May 3, 2026 at 5:41 pm #60660
Reg the Fronkey FarmerModerator@regthefronkeyfarmer Apparently I’m no longer a moderator (!) so you’re on your own if anything gets rowdy
Bring it on if you have a god on your side!! 🙂
Seriously Strega, that is not good enough. You will always be more that a participant to us all !!! I am making protest signs. We need more god mods!!
May 3, 2026 at 5:46 pm #60661
StregaModeratorEnco, there was one day when the boys decided to drive into town (there are no actual roads to the marae, you just drive over scrubby sandy bumps till you get to a road) to get Fish & Chips and sliced white bread. The fish was covered in thick batter so I opened one up and ate the white meat inside the batter case. One of the boys eyes lit up, he grabbed the empty batter casing and slapped it between two slices of bread. “You’ve left the best bit!” he exclaimed, walking off with the cardiac menacing sandwich he’d made.
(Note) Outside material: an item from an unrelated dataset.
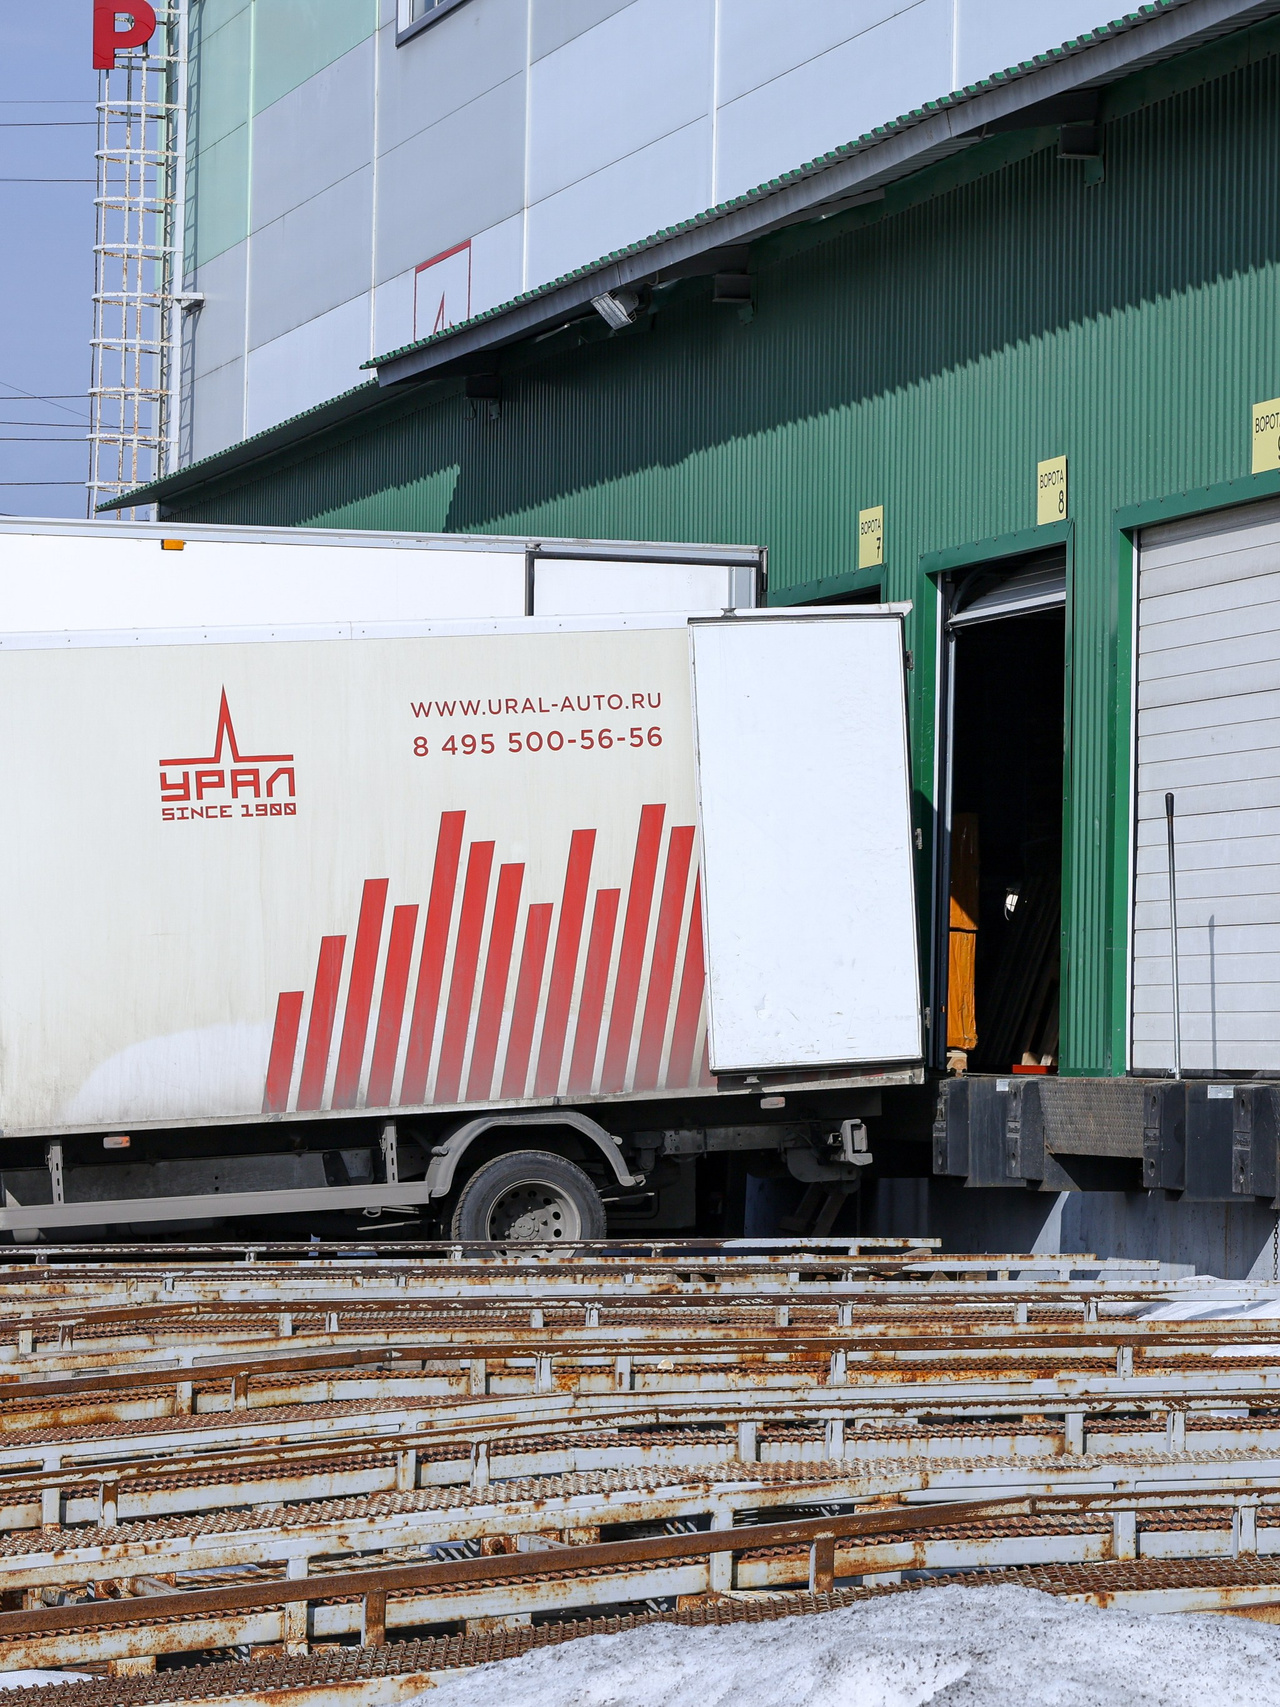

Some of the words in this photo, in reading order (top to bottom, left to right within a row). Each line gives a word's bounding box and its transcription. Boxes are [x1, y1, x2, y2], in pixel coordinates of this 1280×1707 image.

I think the top killer for the tribe is heart attacks or heart disease, closely followed by untreated diabetes. Sleep apnea would be a long way down that list.
May 3, 2026 at 5:53 pm #60662
StregaModerator@regthefronkeyfarmer Oh well, now I’m de-modded maybe @unseen will talk to me again 😜
May 4, 2026 at 12:00 am #60663
TheEncogitationerParticipantStrega,
I think the top killer for the tribe is heart attacks or heart disease, closely followed by untreated diabetes. Sleep apnea would be a long way down that list.
They are all interrelated and even reinforcing. Obstructed sleep affects the brain which also affects heart and pancreas gland functioning. It also affects strength to exercise which makes these conditions worse. All of a single piece. And from your description of Maori isolation from the larger community, Maori health sounds dismal.
May 4, 2026 at 12:03 am #60664
TheEncogitationerParticipantSimon,
A very quick-witted reply.
May 12, 2026 at 2:31 am #60699
UnseenParticipantYes, chimpanzees exhibit culture, defined as behaviors that are socially transmitted rather than genetically inherited or caused solely by ecological factors.
Don’t honeybees tell each other (reporting information) where to find newly-discovered nectar-hunting grounds, which then send other bees (behavior) to exploit them?
Whale pods have cultures. Orcas, for example, can become specialized. Some pods kill whales, some seals, and some sharks. No one believes this behavior is inherited but rather is learned from watching the behavior of their elders and munching on the results of the hunts.
May 12, 2026 at 4:49 pm #60703
Simon PayntonParticipantDon’t honeybees tell each other (reporting information) where to find newly-discovered nectar-hunting grounds, which then send other bees (behavior) to exploit them?
Apparently, when a bee goes to a flower, it leaves sweaty footprints on the petals. Another bee can come along and smell the footprints and determine how long ago the flower was last visited.
The flower has an electric field around it, going from the top to the bottom of the plant. When it’s visited by a pollinator, this distorts the electric field for a while, and another pollinator can sense the electric field and again tell how long ago the flower was last visited.